AI continues to reach deeper into the world of SMB marketing. After fulfilling role-based agentic functions like receptionists, graphic designers, copy writers, and scheduling assistants, it’s starting to expand further into end-to-end ad campaign creation tools. It was only a matter of time.
The latest product in the prolific Google Labs does just this. Known as Pomelli, the joint effort from Google Labs and DeepMind automatically assembles ad campaign creative assets like banner ads. Like several multi-step agentic AI tools that are developing, it turns detailed prompts into action and output.
But the kicker is that the focus of Pomelli is social ad campaigns. Given that it sprouts from Google soil, it’s surprising that it’s geared towards ad campaigns on social apps, which are increasingly Google’s competition for mindshare, and even local search (more on Google’s possible motivations in a bit).
Creative Method
So what does Pomelli do specifically, and how does it look from a user perspective? SMB marketers can simply enter their business URL. From there, Pomelli trains itself on a site’s public pages to then creates a “Business DNA.” This includes things like tone of voice, color schemes, fonts, and images.
It then works on social campaign assets. It can even generate a business logo if you don’t already have one (or don’t like what you already have). Other assets include images, social post copy, calls to action, and other ingredients. These can all be edited manually, which is meant to offer a balance of control.

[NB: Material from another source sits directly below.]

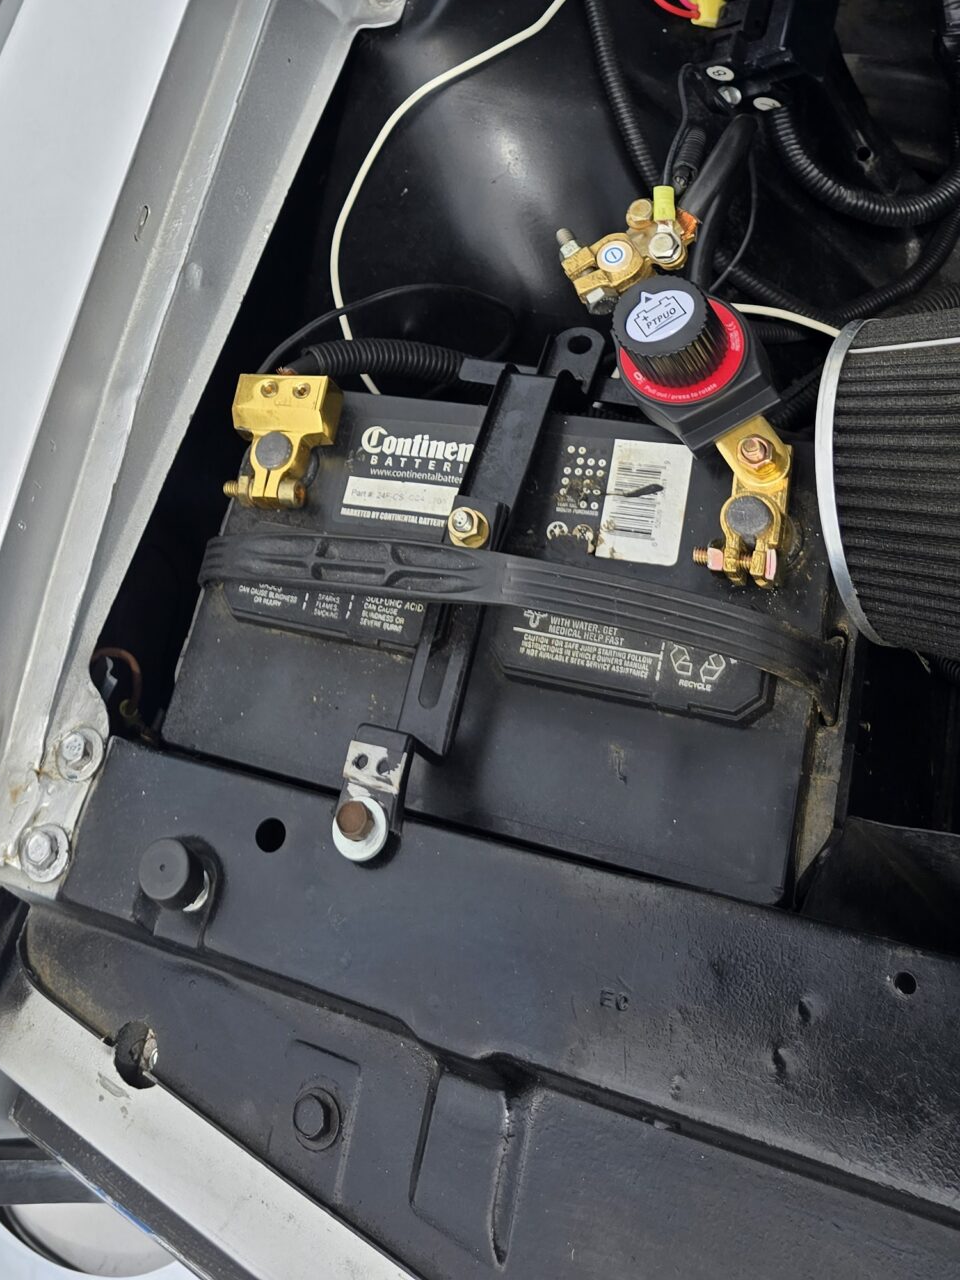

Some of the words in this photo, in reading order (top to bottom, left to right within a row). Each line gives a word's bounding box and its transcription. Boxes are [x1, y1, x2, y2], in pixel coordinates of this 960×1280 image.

As a sidenote, this reminds us of a creative method gaining steam in the AI era. For example, Creatify has a similar user-friendly first step to start building SMB marketing videos. By simply entering a URL, it can quickly train itself on a business’s vibes and branding elements, then build things accordingly.
Themes & Threads
After formulating visual assets, Pomelli will then come up with campaign ideas. These are themes and threads around which creative assets orbit. They include things like catch phrases or brand taglines. Marketers can also enter their own campaign ideas as prompts, which Pompeii will incorporate.
But after outputting these campaign ideas and assets, it’s unclear what comes next, given that Google isn’t integrated with social apps. Presumably, marketers can take Pomelli’s outputs and manually upload them to social campaign tools on apps like Facebook and Instagram (TikTok is its own native beast).
Usually, AI campaign creation tools are just the opposite – first-party tools that are directly integrated into the provider’s ad engine. For example, Amazon offers an AI ad creation tool for creating ads on Amazon. And Google continues to roll out AI tools for AdWords creation and targeting workflows.

The Light of Day
Pomelli’s inverse approach of building ads for other channels is, again, peculiar. And that brings us back to Google’s possible motivations. Pomelli’s deviation from Google’s business interests means it may never see the light of day. That would make its core purpose some sort of exercise or training ground.
For example, feeling out UX elements of AI-driven campaign creation could be something that eventually flows into AdWords or other products. Meanwhile, though Google has swung and missed at social media a few times, a la Google Wave, Pomelli could be a long-shot sign that it’s sticking its toe back in the water.
All the above isn’t a bad thing for Google — nor users who get a free tool for social ad creation. But, as it often goes with Google Labs projects, users can swim at their own risk of the product going away at some point. Most of this is speculation, of course, and we’ll have to watch closely to see where it actually goes.